Lucas could see 4 figures starting towards his mothers house, she was at the door waving what looked like a bottle at them. "Back get back!" She shouted. Three of the figures were teenagers but one was a man bald headed with snake like slits for eyes. 

The snake man turned to see Lucas, "So he comes. You are very special boy, your powers over blood and the mind make you a dangerous villain, I have been told to find you and kill you."

"Fuck that shit!" Lucas started to run towards him, the man raised a wand in his hand and shot a blast of green light at Lucas, he jumped and avoided it barely. 

Lucas focused on his ring and the energy covered him, he was right the ring was more effective. He transformed into his satyr self, his  horns were larger and more fierce, and his legs stronger. 

The snake man began to shoot more blasts of green light, while the teenagers shot red light at him. He jumped and dodged them all bar one, the red light hit him in his side and he went tumbling. 

"Lucas!!" His mother shouted from her doorstep.

"Mom!" He rose to his feet, he focused on healing himself, it was hard and painful to heal himself with his own nature energy, and it used alot. When he was finished he was low on energy.

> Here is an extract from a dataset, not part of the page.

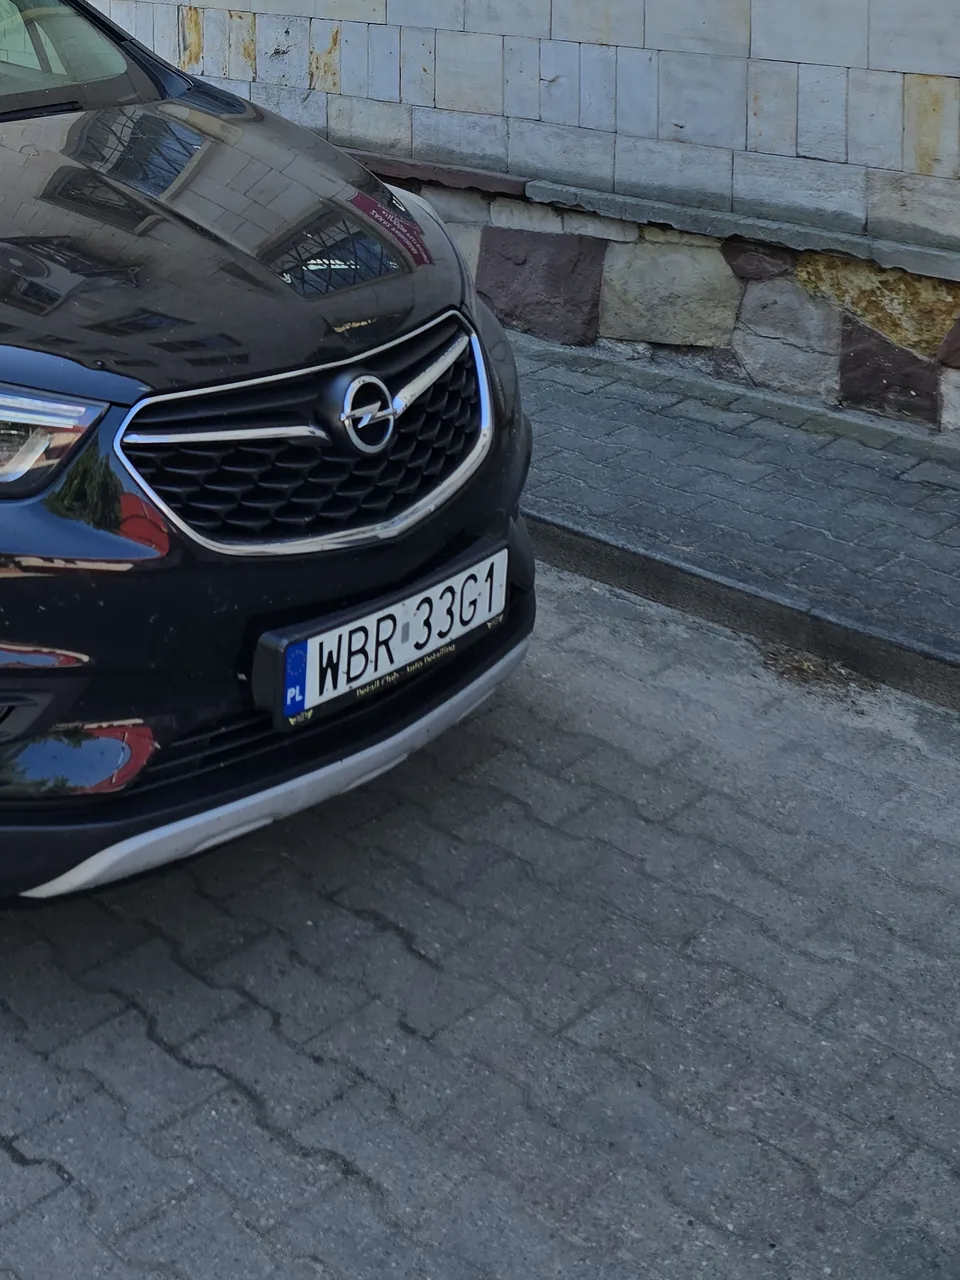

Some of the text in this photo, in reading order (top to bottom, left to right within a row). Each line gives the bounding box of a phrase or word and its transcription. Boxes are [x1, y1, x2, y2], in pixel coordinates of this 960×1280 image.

[318, 562, 495, 696] WBR 33G1
[286, 684, 303, 705] PL

Lucas charged at the wytches and slashed at them with his short sword. He jumped and kicked the ginger one in the face. The scattered and reformed across from him, this time his mother was next to him.

"Mom are you ok?"

"Yes, they didn't do anything. And please take this." She handed Lucas the bottle of wine she was holding. It was an old red, so old the name was faded. Lucas placed his hand on the side of the bottle and the potency and richness rolled through him and he could feel it in his ring. He forced the liquid to raise the cork and pop it out of the bottle.

"NO!" Shouted the snake man as Lucas pressed the bottle to his lips. He fired a blast of green light at Lucas but in a flash he was gone. He appeared behind the three younger ones and touched the girl and the ginger guy with his fingers and they feel to the floor drooling. 

The third guy with glasses and a scar on his forehead scrambled backwards and Lucas' eyes thinned thrust his palm forwards the air rippled and hit the guy square in the face cracking his glasses, he dropped to the floor eyes rolling back into his head. 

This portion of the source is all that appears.